### TASK GOAL
Filter the listing so that only lines with the word "CHINA" remain.

### EXTRACTED RECORDS

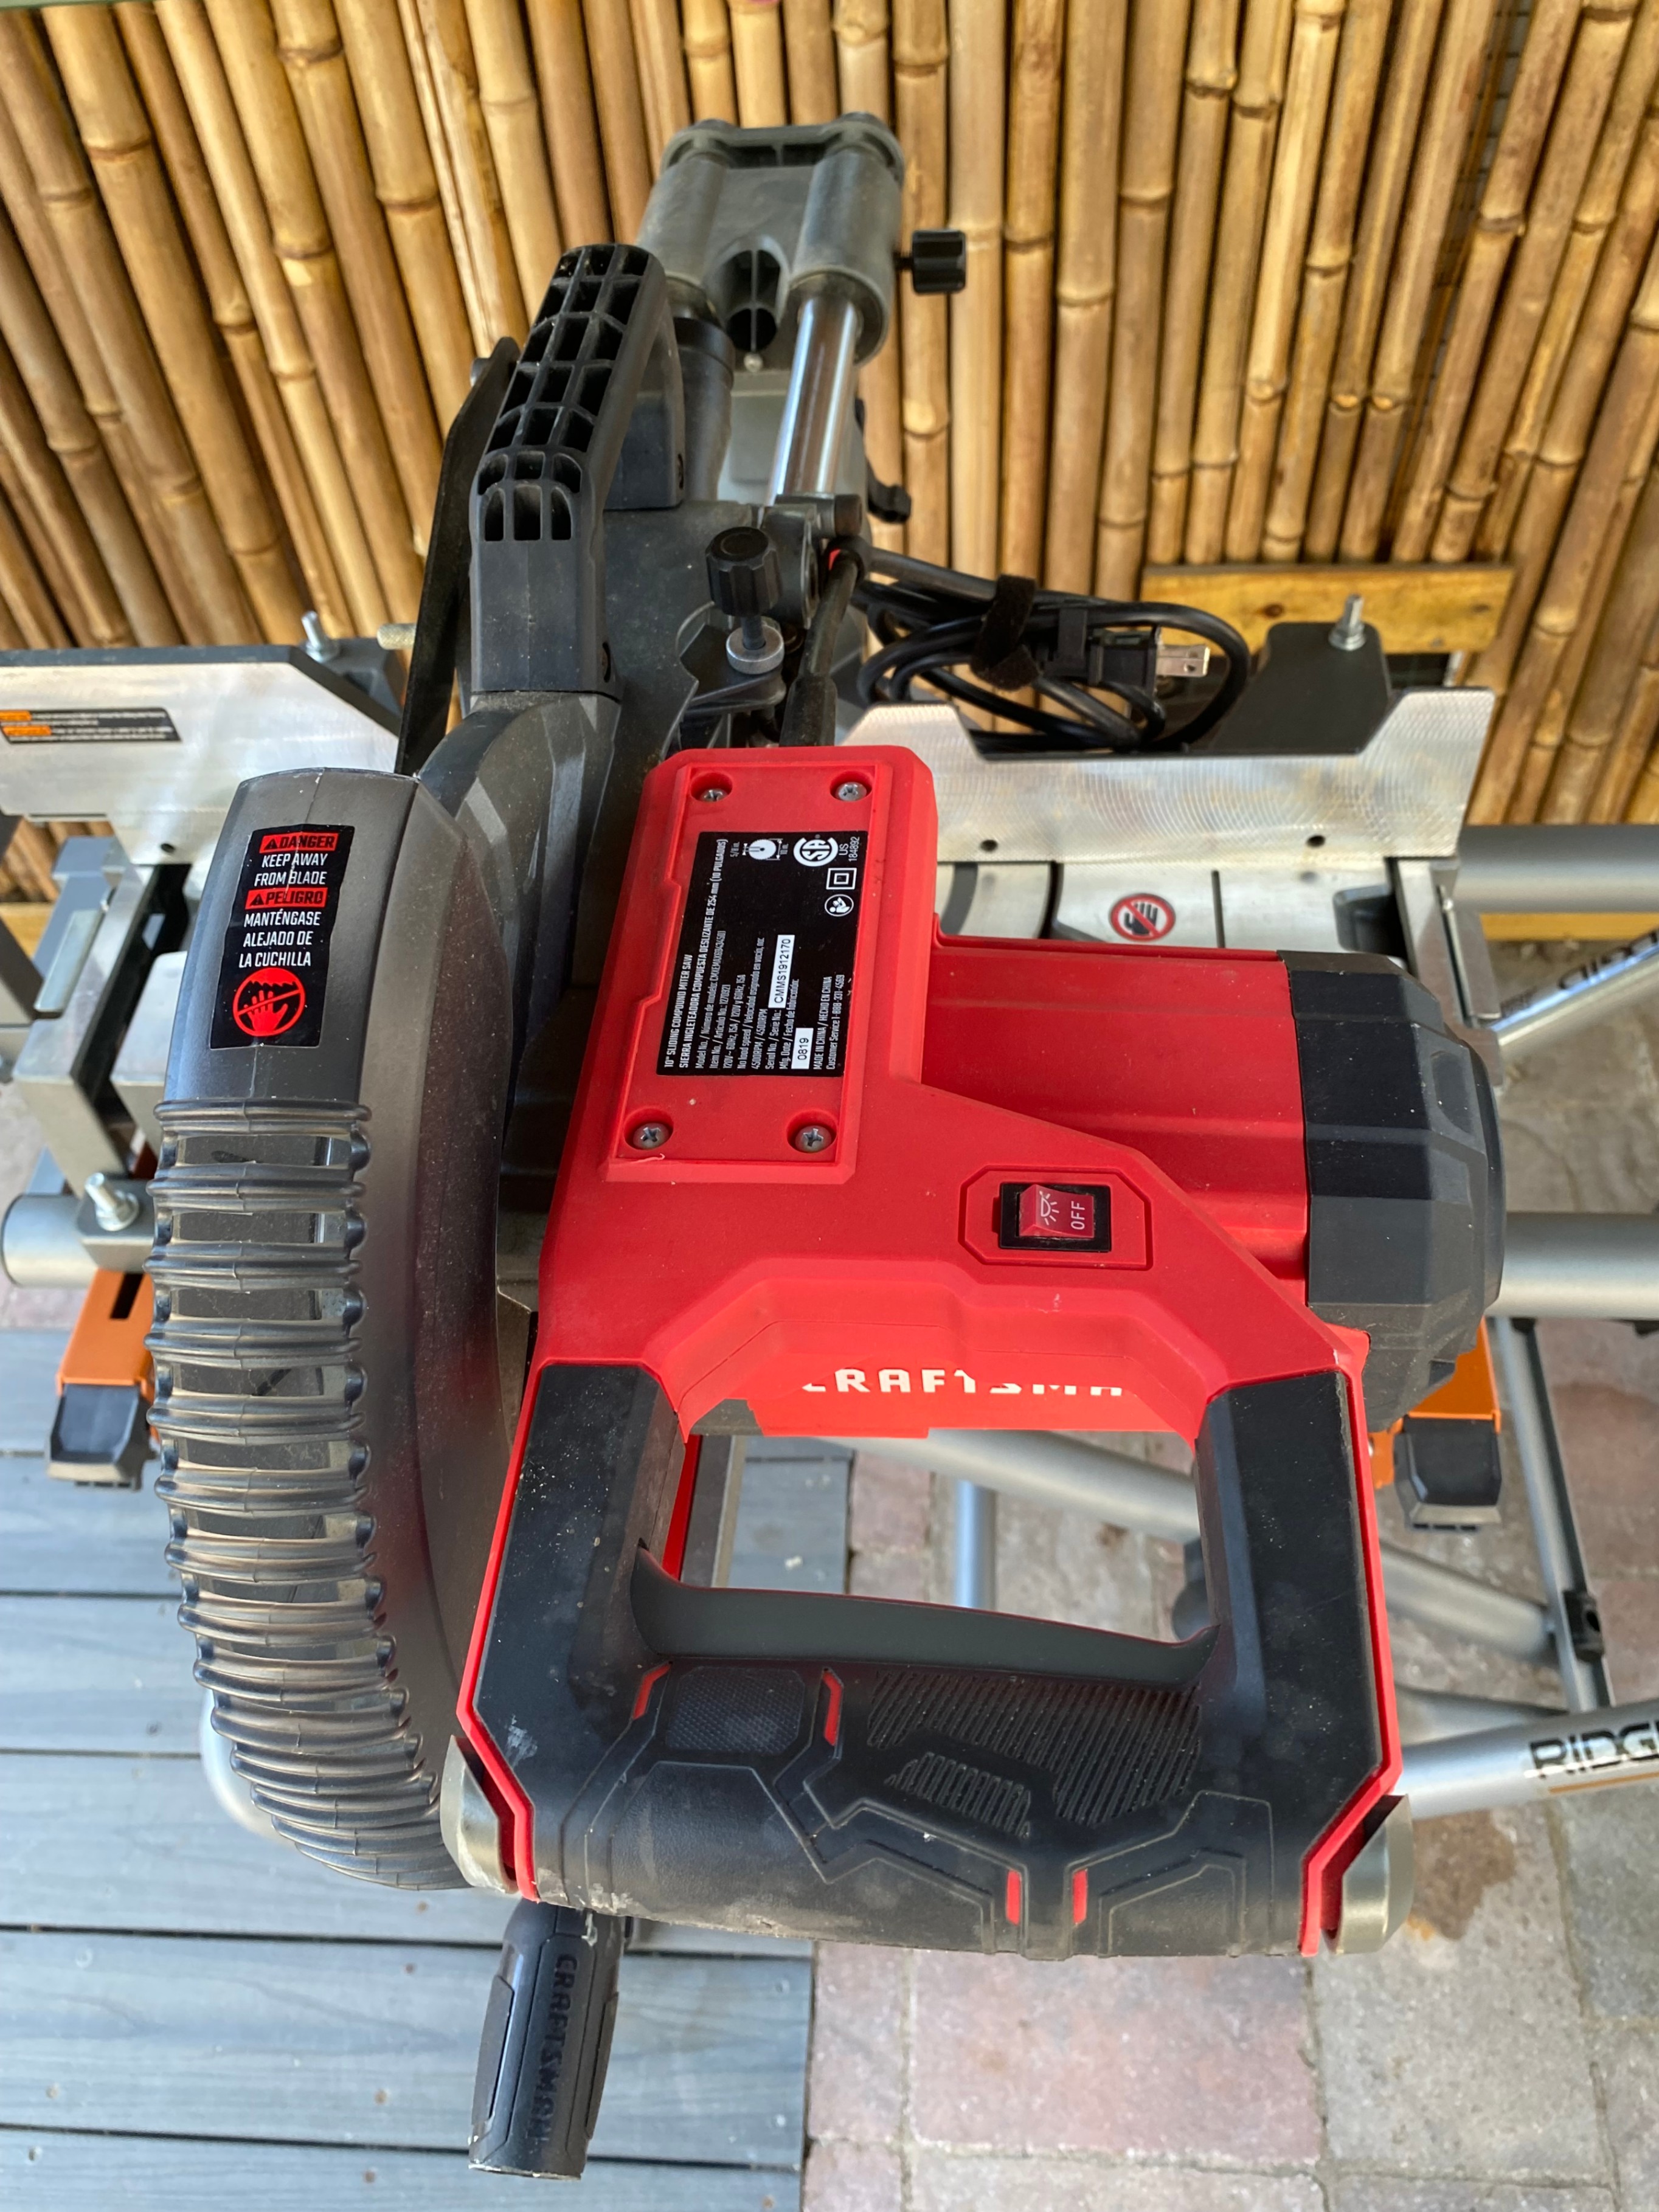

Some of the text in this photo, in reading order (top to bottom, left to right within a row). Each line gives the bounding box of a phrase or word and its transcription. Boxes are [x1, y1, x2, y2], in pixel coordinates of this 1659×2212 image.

[278, 835, 334, 849] DANGER
[839, 843, 848, 855] US
[848, 837, 859, 862] 184892
[261, 853, 328, 868] KEEP AWAY
[713, 839, 728, 871] PULGADOS)
[254, 871, 327, 887] FROM BLADE
[710, 872, 722, 881] (10
[265, 890, 324, 905] PELIGRO
[707, 894, 717, 906] 254
[244, 908, 322, 927] MANTÉNGASE
[243, 930, 314, 947] ALEJADO DE
[699, 916, 713, 952] DESLIZANTE
[238, 951, 311, 968] LA CUCHILLA
[692, 953, 707, 991] COMPUESTA
[736, 974, 746, 983] 15A
[774, 939, 791, 1003] CMMS1912170
[822, 976, 832, 993] CHINA
[664, 954, 693, 1067] 10" SLIDING COMPOUND MITER SAW
[684, 992, 700, 1041] INGLETEADORA
[730, 1004, 741, 1017] 120V
[819, 1002, 829, 1021] HECHO
[701, 1012, 712, 1034] Número
[713, 1017, 726, 1038] Artículo
[729, 1023, 738, 1032] 15A
[756, 1009, 767, 1035] 4500RPM
[769, 1021, 780, 1035] Serie
[783, 1019, 794, 1035] Fecha
[829, 1020, 840, 1040] Service
[742, 1029, 751, 1046] speed
[816, 1027, 826, 1044] CHINA
[698, 1040, 708, 1049] No.
[711, 1045, 721, 1054] No.
[738, 1047, 749, 1059] load
[767, 1042, 777, 1051] No.
[780, 1042, 791, 1056] Date
[797, 1038, 809, 1059] 0819
[679, 1042, 691, 1068] SIERRA
[695, 1050, 706, 1068] Model
[709, 1055, 719, 1068] Item
[751, 1042, 763, 1069] 4500RPM
[765, 1052, 775, 1069] Serial
[779, 1056, 791, 1069] Mfg.
[813, 1053, 823, 1069] MADE
[826, 1042, 837, 1069] Customer
[1070, 1200, 1086, 1230] OFF
[530, 1955, 577, 2141] CRAFTSMAN

### WORKED SOLUTION
[822, 976, 832, 993] CHINA
[816, 1027, 826, 1044] CHINA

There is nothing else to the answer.